Supplied entries =>
● ● ● ● ●
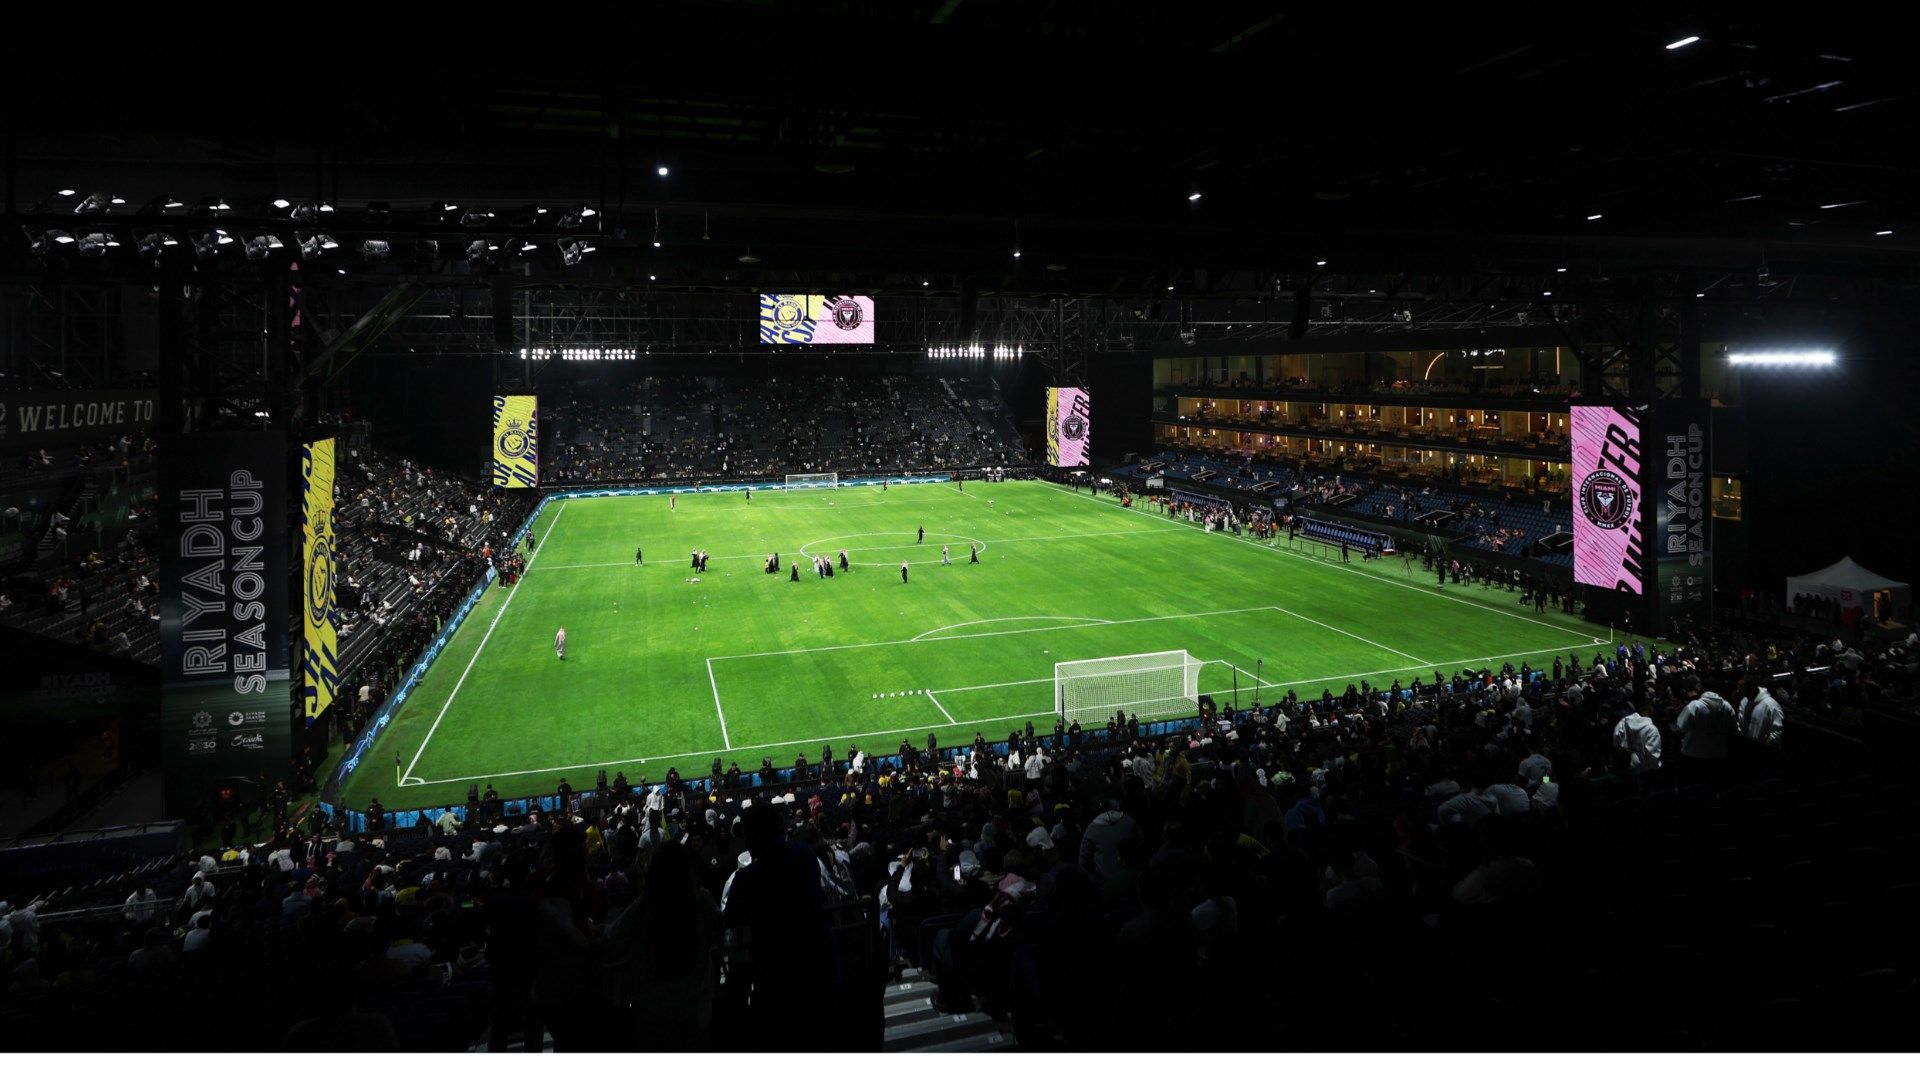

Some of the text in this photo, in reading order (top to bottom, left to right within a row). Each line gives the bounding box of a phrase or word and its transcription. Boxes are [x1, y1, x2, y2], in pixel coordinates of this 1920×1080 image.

[18, 401, 126, 433] WELCOME
[134, 399, 153, 422] TO
[1688, 422, 1704, 470] CUP
[230, 469, 265, 541] CUP
[1580, 496, 1589, 514] CLUB
[1581, 471, 1622, 495] INTERNACIONAL
[1622, 484, 1630, 494] DE
[1666, 434, 1687, 553] RIYADH
[1688, 472, 1704, 567] SEASON
[181, 488, 227, 676] RIYADH
[231, 545, 266, 694] SEASON
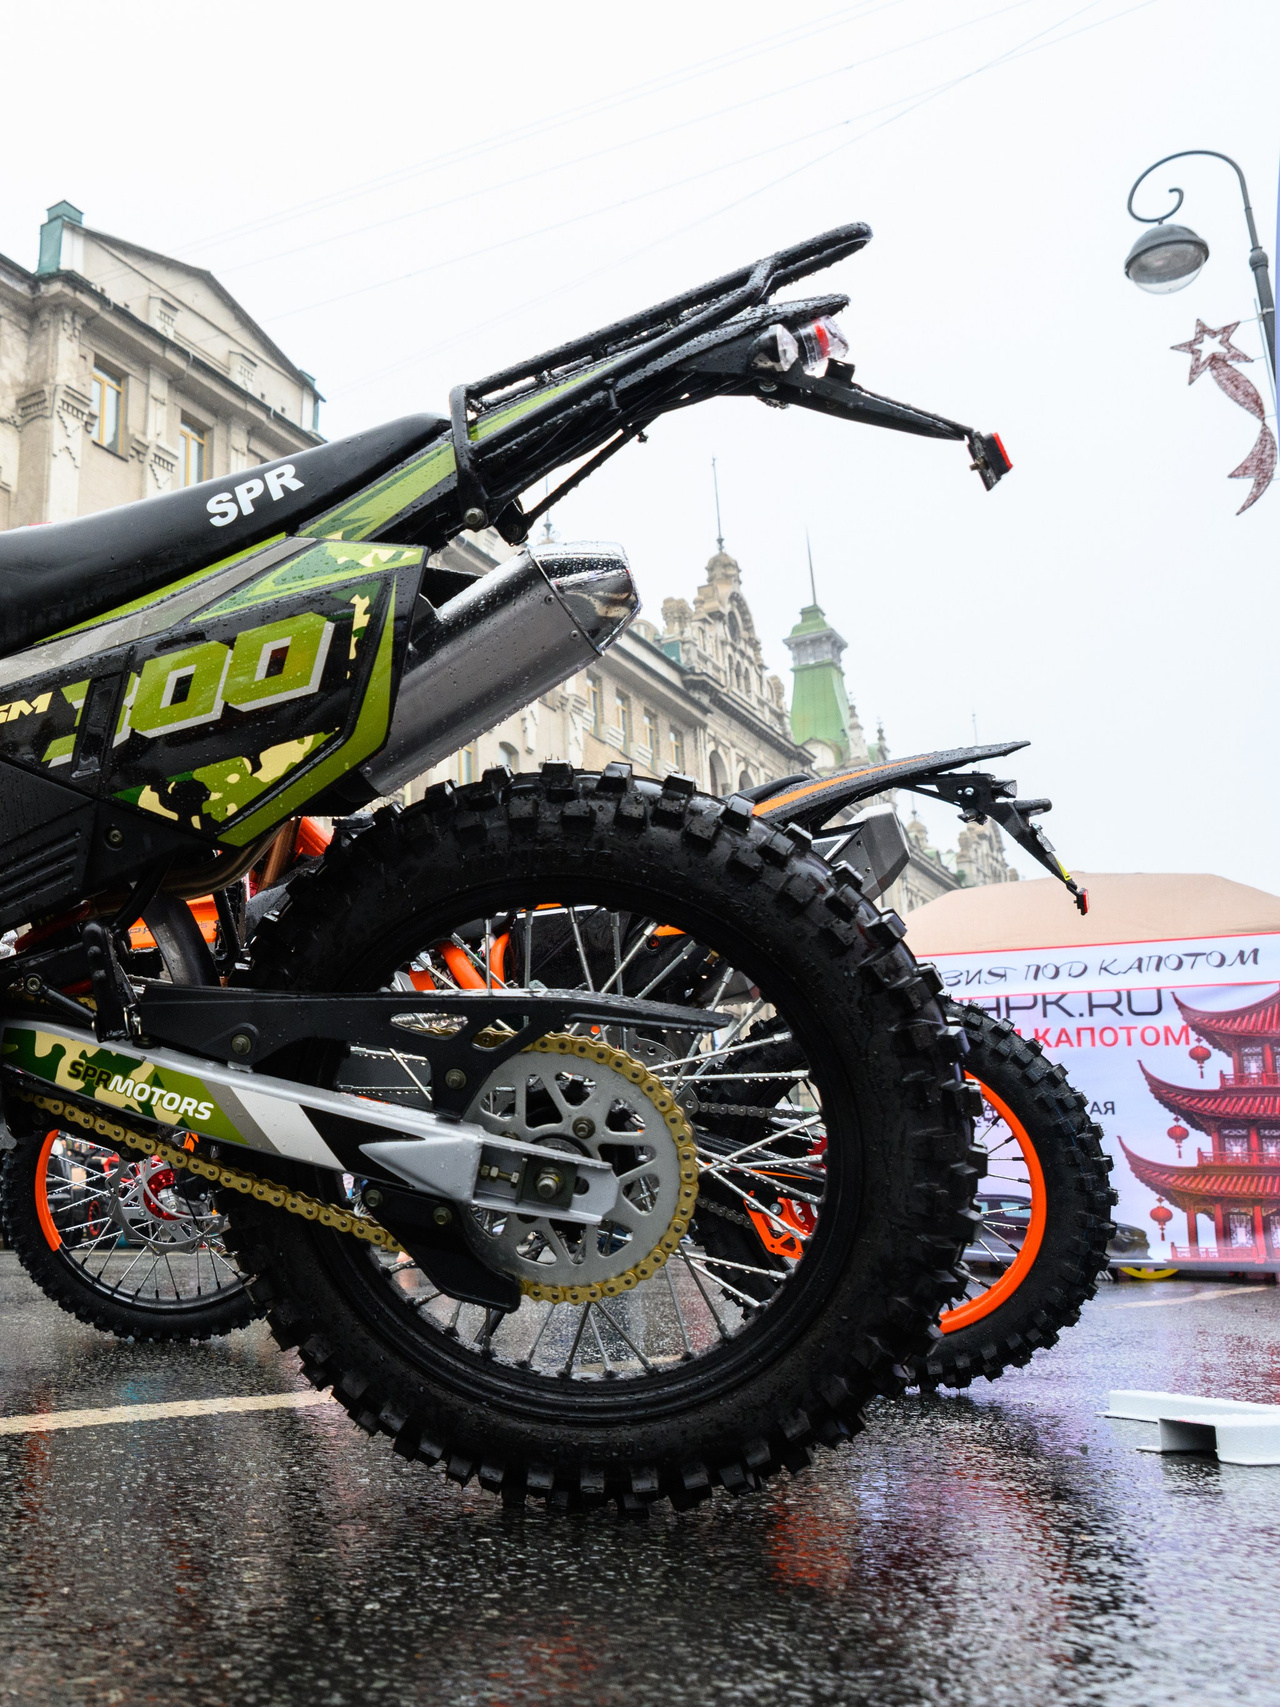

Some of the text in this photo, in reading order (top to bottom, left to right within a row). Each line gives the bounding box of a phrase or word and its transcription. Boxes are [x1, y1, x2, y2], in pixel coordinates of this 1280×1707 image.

[206, 463, 304, 527] SPR
[1024, 961, 1088, 981] ПОД
[1098, 948, 1259, 976] КАПОТОМ
[1034, 1025, 1190, 1048] КАПОТОМ
[67, 1060, 214, 1121] SPRMOTORS
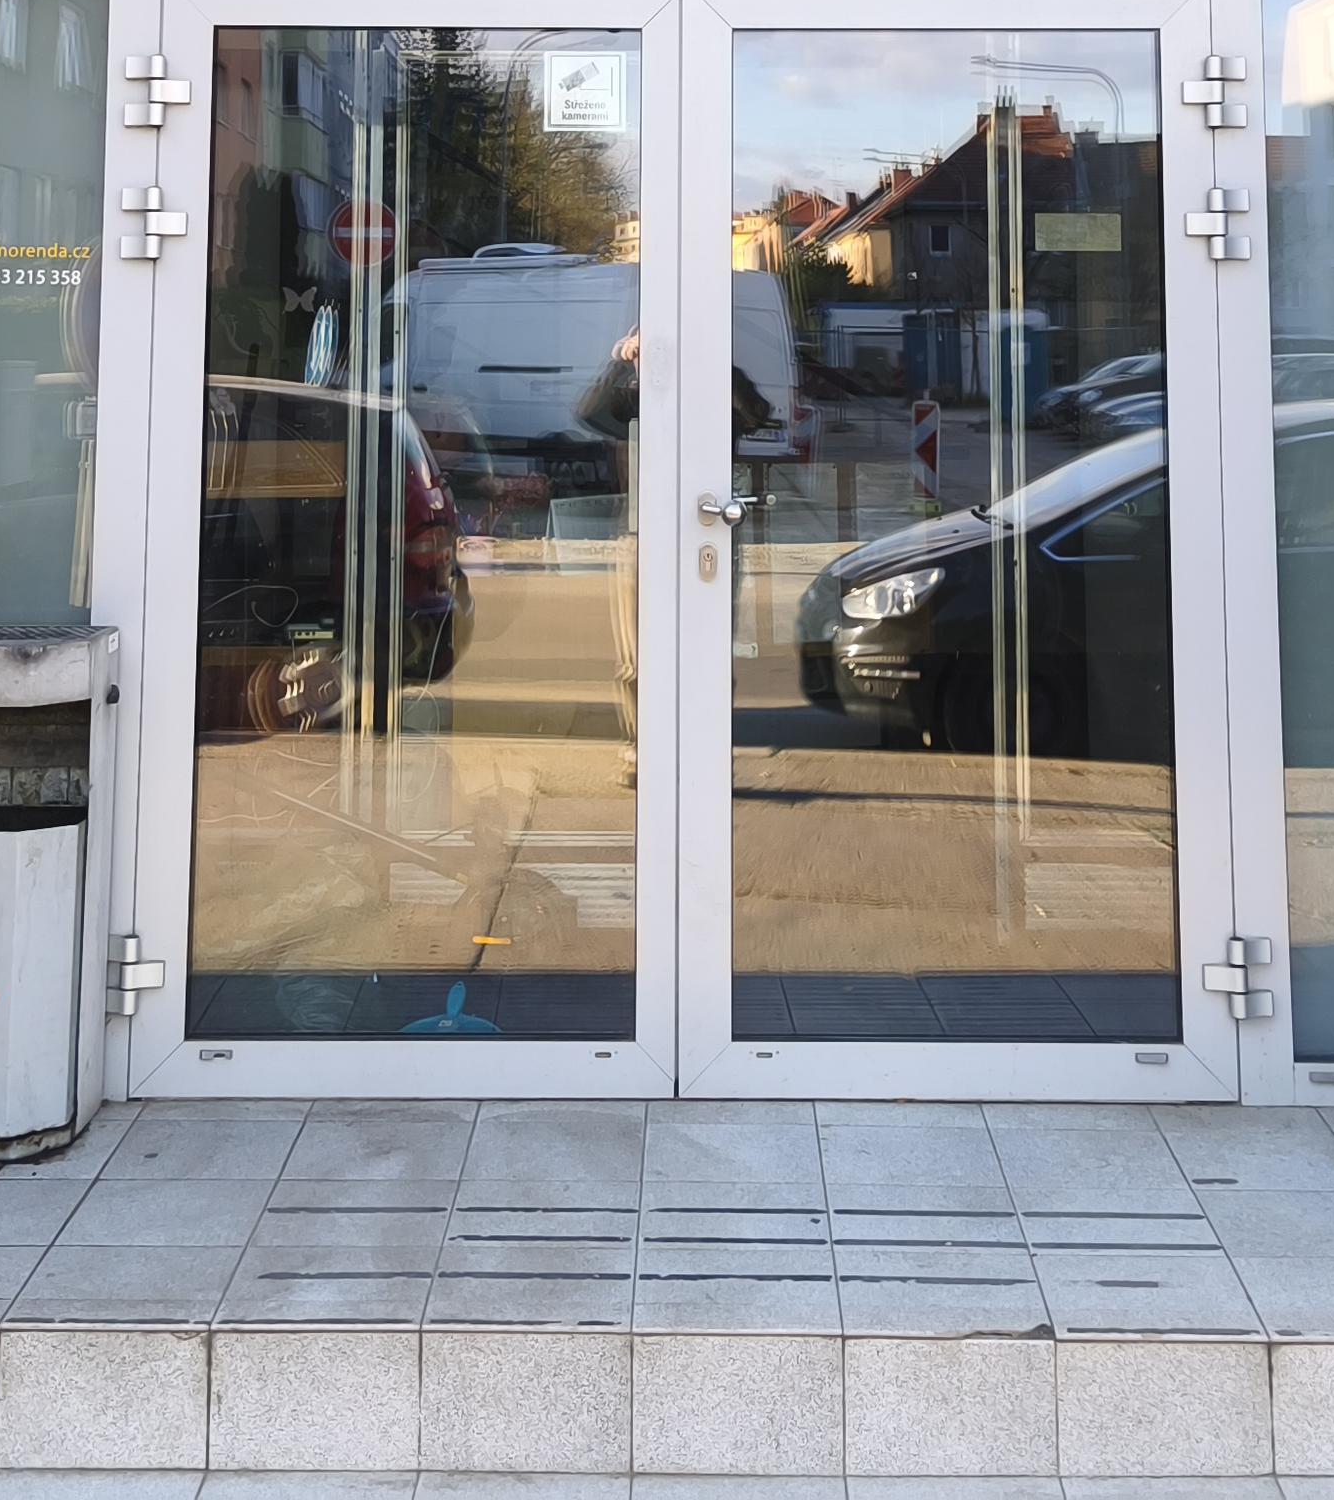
● ● ● ● ●
Goal of the exercise =>
Each record must appear again exactly as written above, without its pictures.

Finished exercise =>
Some of the text in this photo, in reading order (top to bottom, left to right within a row). Each line gives the bounding box of a phrase or word and its transcription. Boxes are [x1, y1, x2, y2], in pixel coordinates of this 1920×1080 image.

[18, 401, 126, 433] WELCOME
[134, 399, 153, 422] TO
[1688, 422, 1704, 470] CUP
[230, 469, 265, 541] CUP
[1580, 496, 1589, 514] CLUB
[1581, 471, 1622, 495] INTERNACIONAL
[1622, 484, 1630, 494] DE
[1666, 434, 1687, 553] RIYADH
[1688, 472, 1704, 567] SEASON
[181, 488, 227, 676] RIYADH
[231, 545, 266, 694] SEASON

Some of the text in this photo, in reading order (top to bottom, left to right within a row). Each line gives the bounding box of a phrase or word and its transcription. Boxes are [x1, y1, x2, y2], in pixel coordinates of this 1280×1707 image.

[206, 463, 304, 527] SPR
[1024, 961, 1088, 981] ПОД
[1098, 948, 1259, 976] КАПОТОМ
[1034, 1025, 1190, 1048] КАПОТОМ
[67, 1060, 214, 1121] SPRMOTORS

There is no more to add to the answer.